We do not favor private sector conservation efforts over all other options; we favor them over the option of no conservation at all. Governments around the world have rightly done the heaviest lifting on preserving nature, considering their resources, eminent domain, and other factors including the most salient; public lands effectively belong to an entire nation’s citizens. Philanthropies have also done enormous good. We have written plenty on both public and philanthropic conservation schemes. Today, a more modest story, but no less lovely:
A walk in the woods with Richard Fortey
Henley, Oxfordshire The palaeontologist and author offers a tour of Grim’s Dyke Wood, which he bought in 2011
Derek Niemann
Five years after the palaeontologist Richard Fortey bought Grim’s Dyke Wood, a small Chiltern beech wood, he shows no diminution in enthusiasm for his “nature reserve”. He gives me a tour, though in truth we delight in each other’s discoveries. I find him a ring of bright feathers on a pile of rotting pine logs, a raptor’s kill, the buffs and browns speaking of a song thrush forever silenced. He finds bracket fungi that have insinuated themselves into the thin, horizontal lesions on a cherry tree’s trunk.

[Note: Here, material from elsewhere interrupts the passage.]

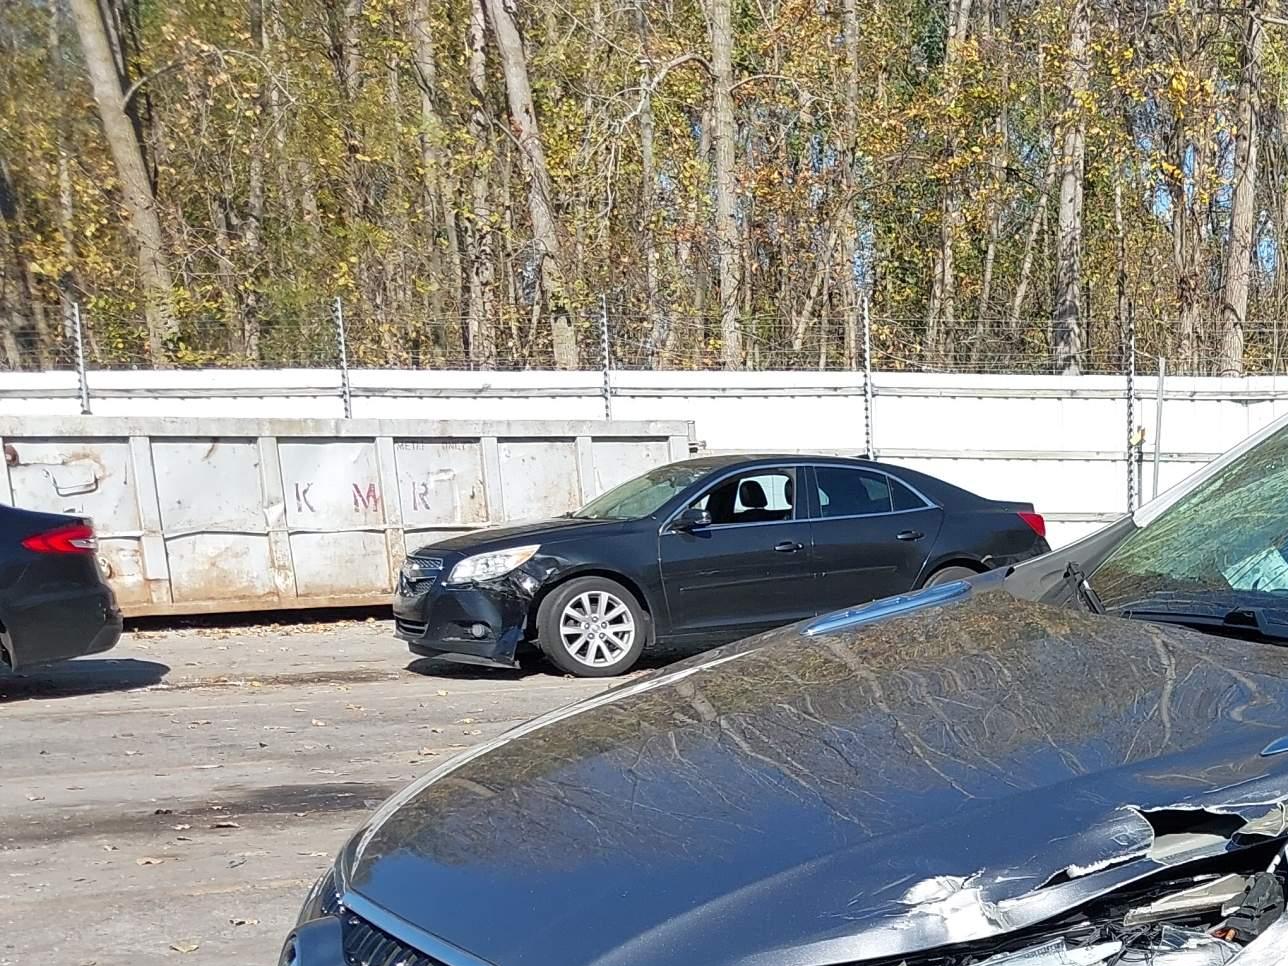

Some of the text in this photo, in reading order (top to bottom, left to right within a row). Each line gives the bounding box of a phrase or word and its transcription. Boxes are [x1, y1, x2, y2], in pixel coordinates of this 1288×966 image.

[295, 480, 431, 513] K M R

I prise a white pebble from the ground as if drawing a chocolate from its box. North Wales, he says, a jewel of quartz carried to that very spot by a prehistoric river. A cappuccino-coloured stone he ascribes to the Midlands, with the easy assurance of a geologist who pinpoints tiny details within (for the rest of us) unimaginably big pictures.
I jump into one of his best finds, a deep, rectangular bramble-strewn hole that looks tailor-dug for a large coffin. He is fairly certain it is the remains of a sawpit, a relic from the days when labourers left the farms after harvest-time and spent their winters working in the wood, felling trees for more skilled woodworkers to make Windsor chairs and scrubbing brushes…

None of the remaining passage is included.